The waiting time for unemployment benefits will be cut from six months to four weeks for people under the age of 25, in a $330 million program to be unveiled in tonight’s budget.
It is a part of the Government’s small business package aimed at boosting job growth across the country.
It appears to be another backdown on a controversial 2014 budget measure — the so-called “earn and learn” package, which proposed a six-month wait for unemployment benefits for jobseekers under 30 years of age.
That failed to garner support in Parliament and was met with widespread criticism in the community.
As part of the changes, $106 million will go towards helping young people struggling to get work due to their personal circumstances, including those suffering mental health problems or young migrants.
Mr Hockey will also announce $14 million will be spent to encourage people leaving school early to enter into work or training.
A further $212 million is earmarked for a new youth transition to work program to help end long-term welfare dependence, including support for community organisations that help young people find jobs, apprenticeships and traineeships.
The announcement comes amid further Opposition criticism of the Government’s centrepiece families package.

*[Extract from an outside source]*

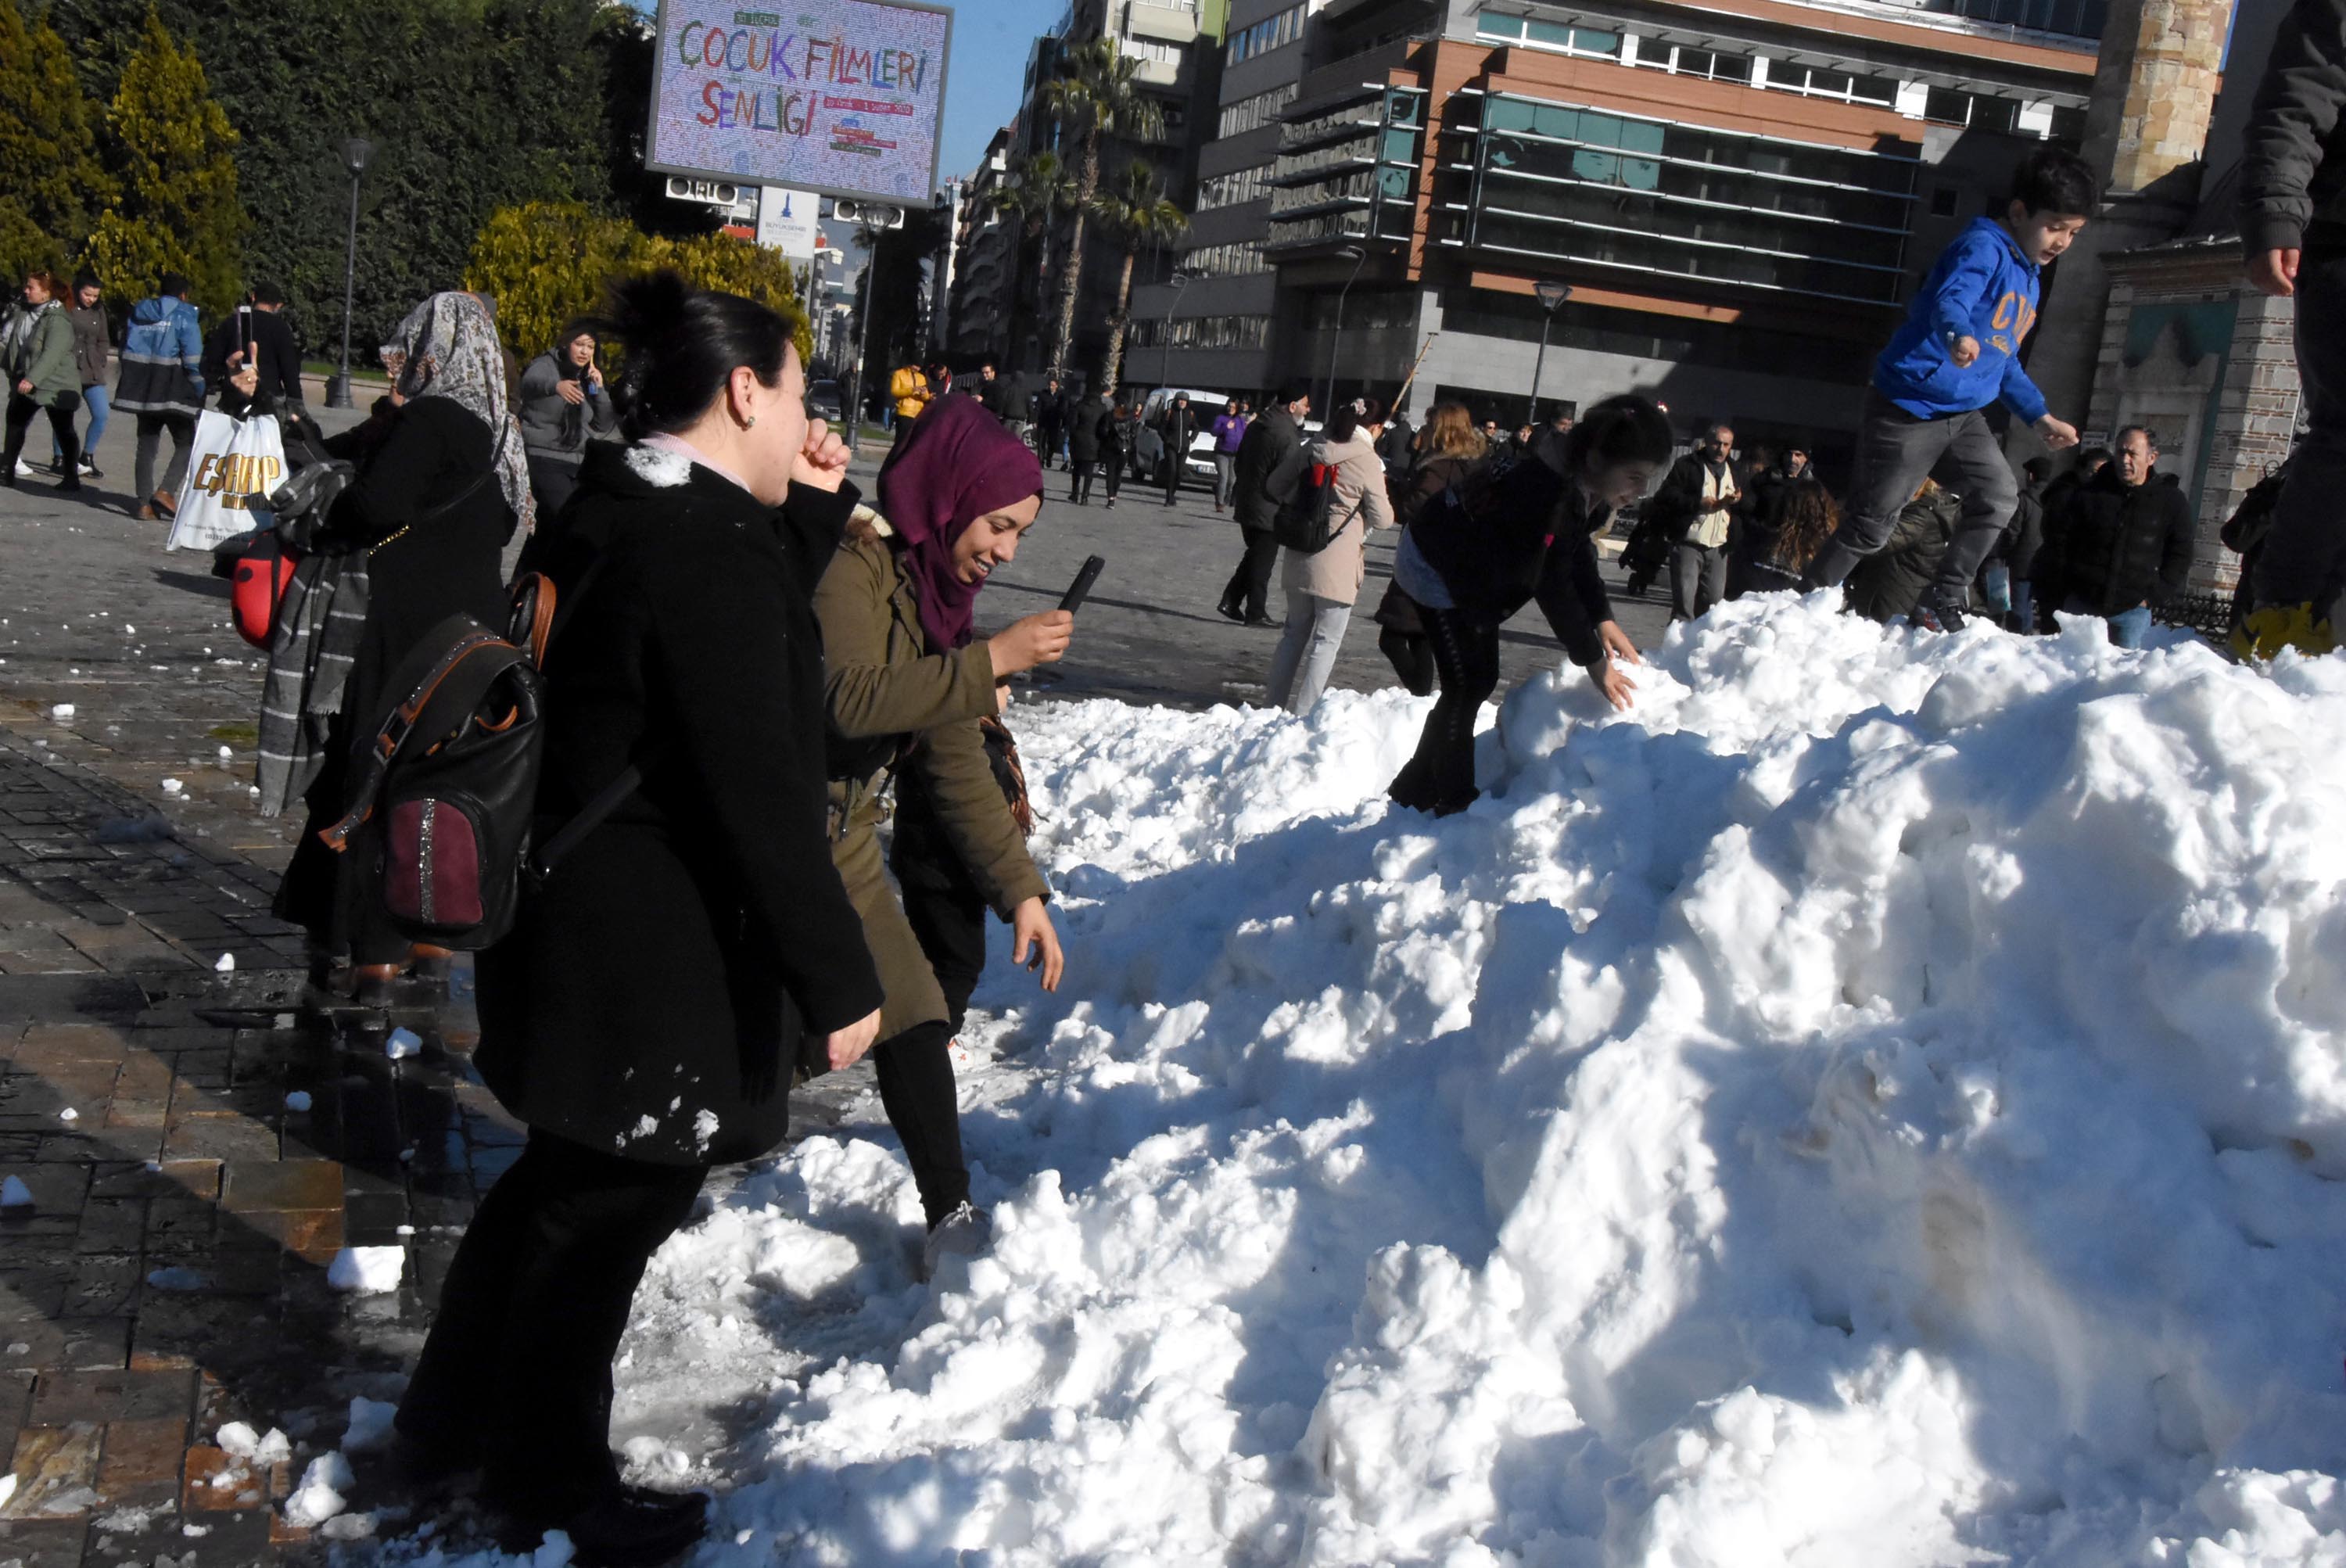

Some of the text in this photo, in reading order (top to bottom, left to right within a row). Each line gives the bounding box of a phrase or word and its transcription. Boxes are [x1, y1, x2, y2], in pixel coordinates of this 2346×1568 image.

While Prime Minister Tony Abbott and Social Services Minister Scott Morrison have been spruiking the $3.5 billion initiative, Opposition Leader Bill Shorten criticised how the Government was proposing to pay for the measures – changes to Family Tax Benefits.
“The Prime Minister has famously said, and I quote, ‘providing more Government benefits to employed mothers than to stay-at-home ones is not only unfair, but is going to strike many people as an attack on the traditional family’,” Mr Shorten said.

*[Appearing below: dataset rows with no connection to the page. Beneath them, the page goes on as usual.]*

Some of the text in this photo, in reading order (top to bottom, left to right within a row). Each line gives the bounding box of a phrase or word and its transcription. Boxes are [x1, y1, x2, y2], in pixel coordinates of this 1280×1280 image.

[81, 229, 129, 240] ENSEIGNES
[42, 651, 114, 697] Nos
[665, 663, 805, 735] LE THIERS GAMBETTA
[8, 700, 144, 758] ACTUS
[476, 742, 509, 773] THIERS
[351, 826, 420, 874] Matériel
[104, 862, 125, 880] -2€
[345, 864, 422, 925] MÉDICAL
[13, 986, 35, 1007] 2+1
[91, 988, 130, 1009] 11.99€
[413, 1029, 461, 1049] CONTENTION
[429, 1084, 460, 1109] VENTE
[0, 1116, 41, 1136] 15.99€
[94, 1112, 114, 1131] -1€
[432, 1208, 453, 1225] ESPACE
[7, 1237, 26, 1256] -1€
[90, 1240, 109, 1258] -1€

“In light of his own famous comments, why is the Prime Minister cutting $6,000 to family payments, and why is he slashing childcare assistance to stay at home mums?”
Mr Abbott hit back at the alleged hypocrisy, saying the Government has listened to the community and has changed its policies according to the current financial climate.

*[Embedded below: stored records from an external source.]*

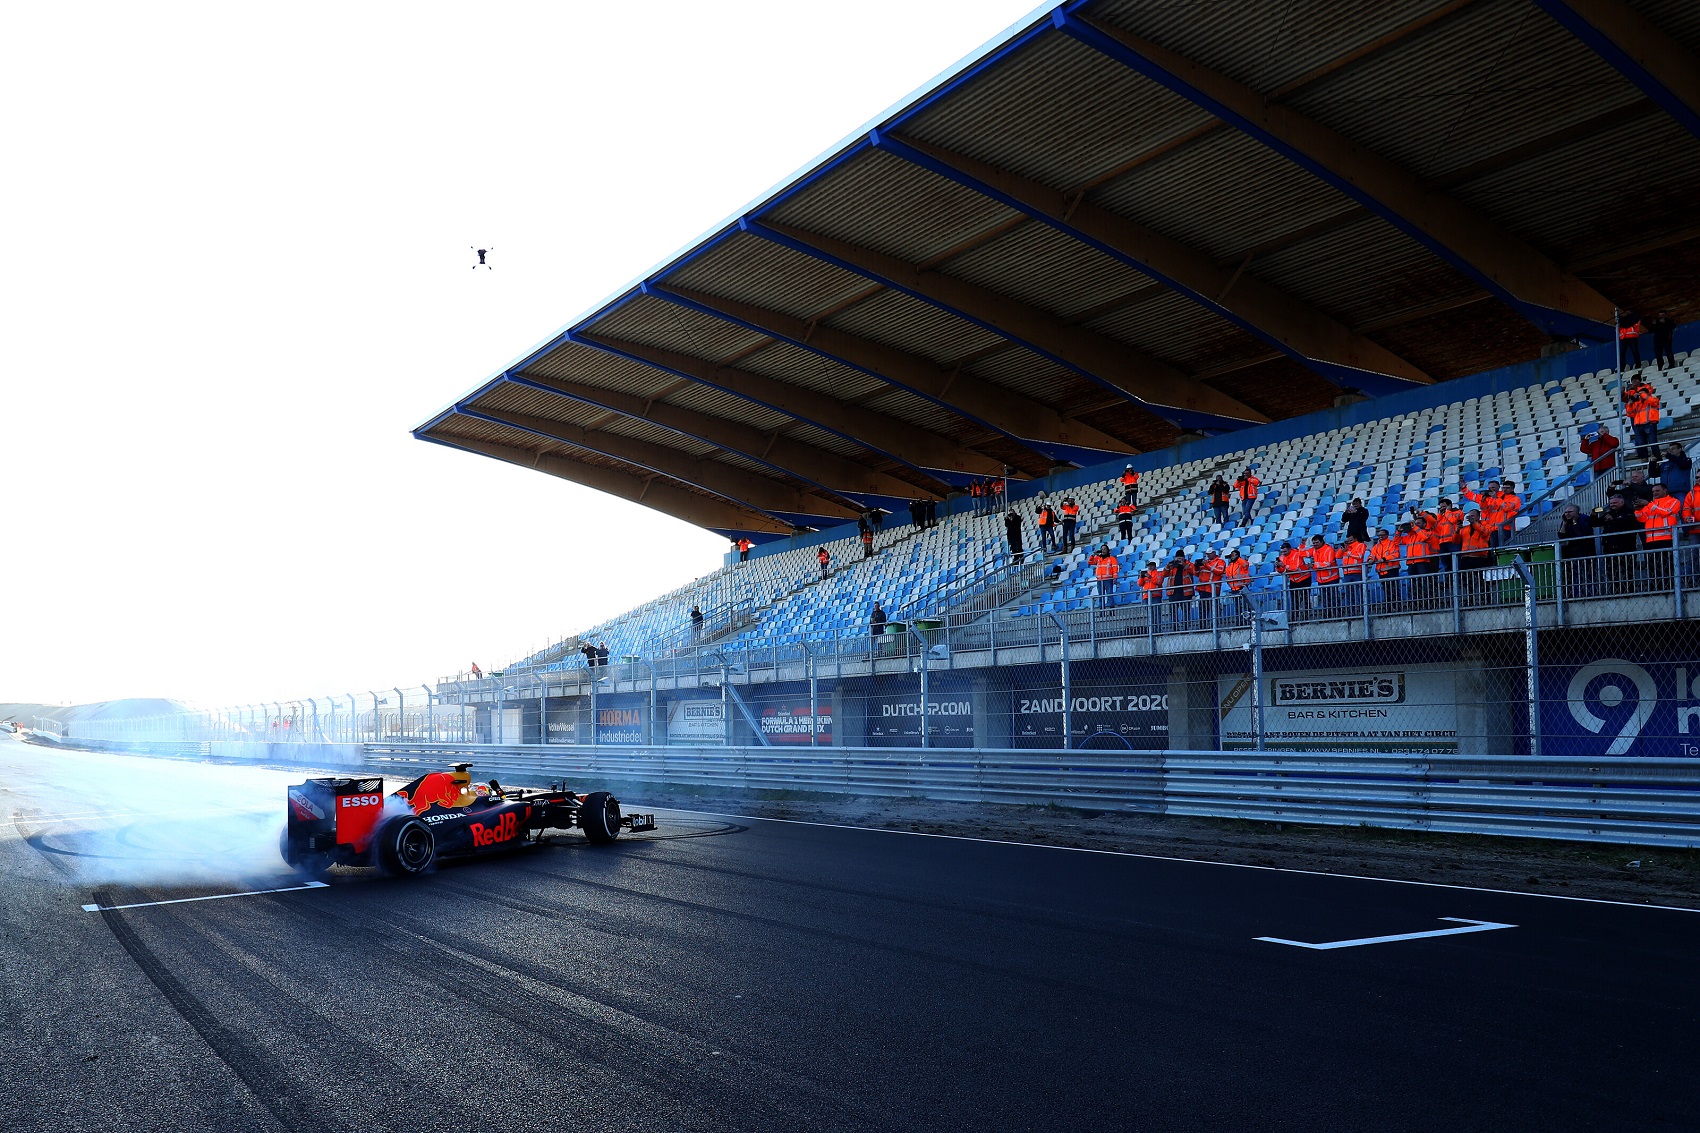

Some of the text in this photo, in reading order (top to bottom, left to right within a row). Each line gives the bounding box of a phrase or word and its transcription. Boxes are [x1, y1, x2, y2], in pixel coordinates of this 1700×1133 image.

[1279, 676, 1394, 701] BERNIE'S
[1288, 710, 1388, 719] BAR & KITCHEN
[761, 716, 794, 725] FORMULA
[761, 725, 825, 734] DUTCH GRAND PIX
[342, 795, 380, 808] ESSO
[422, 813, 467, 823] HONDA
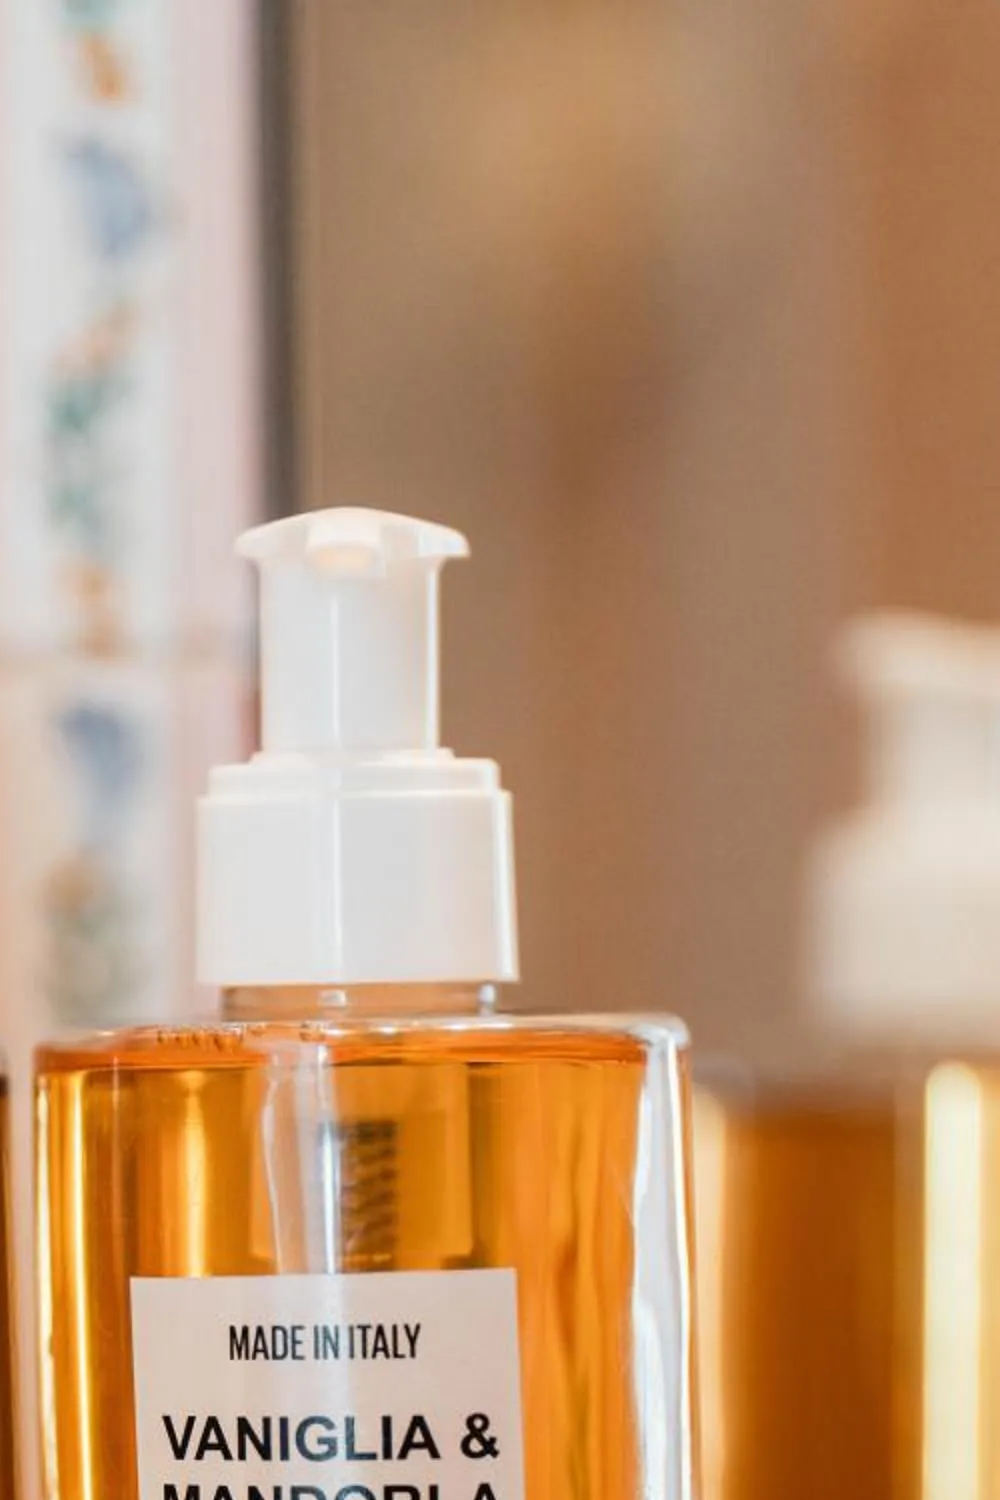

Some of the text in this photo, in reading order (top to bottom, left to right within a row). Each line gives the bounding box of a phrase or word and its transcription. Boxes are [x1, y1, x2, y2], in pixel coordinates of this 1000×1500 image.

[229, 1323, 421, 1361] MADE IN ITALY
[162, 1412, 500, 1461] VANIGLIA &

“There are many things that would be desirable at this time, but simply can’t be delivered because of the $123 billion of cumulative deficits, and the $667 billion of peak debt we inherited from members opposite,” he said.
“This is a budget which has to be measured because we are dealing with Labor’s debt and deficit disaster.
“It has to be responsible and there will be a clear and credible path back to surplus, and above all else it has to be fair.”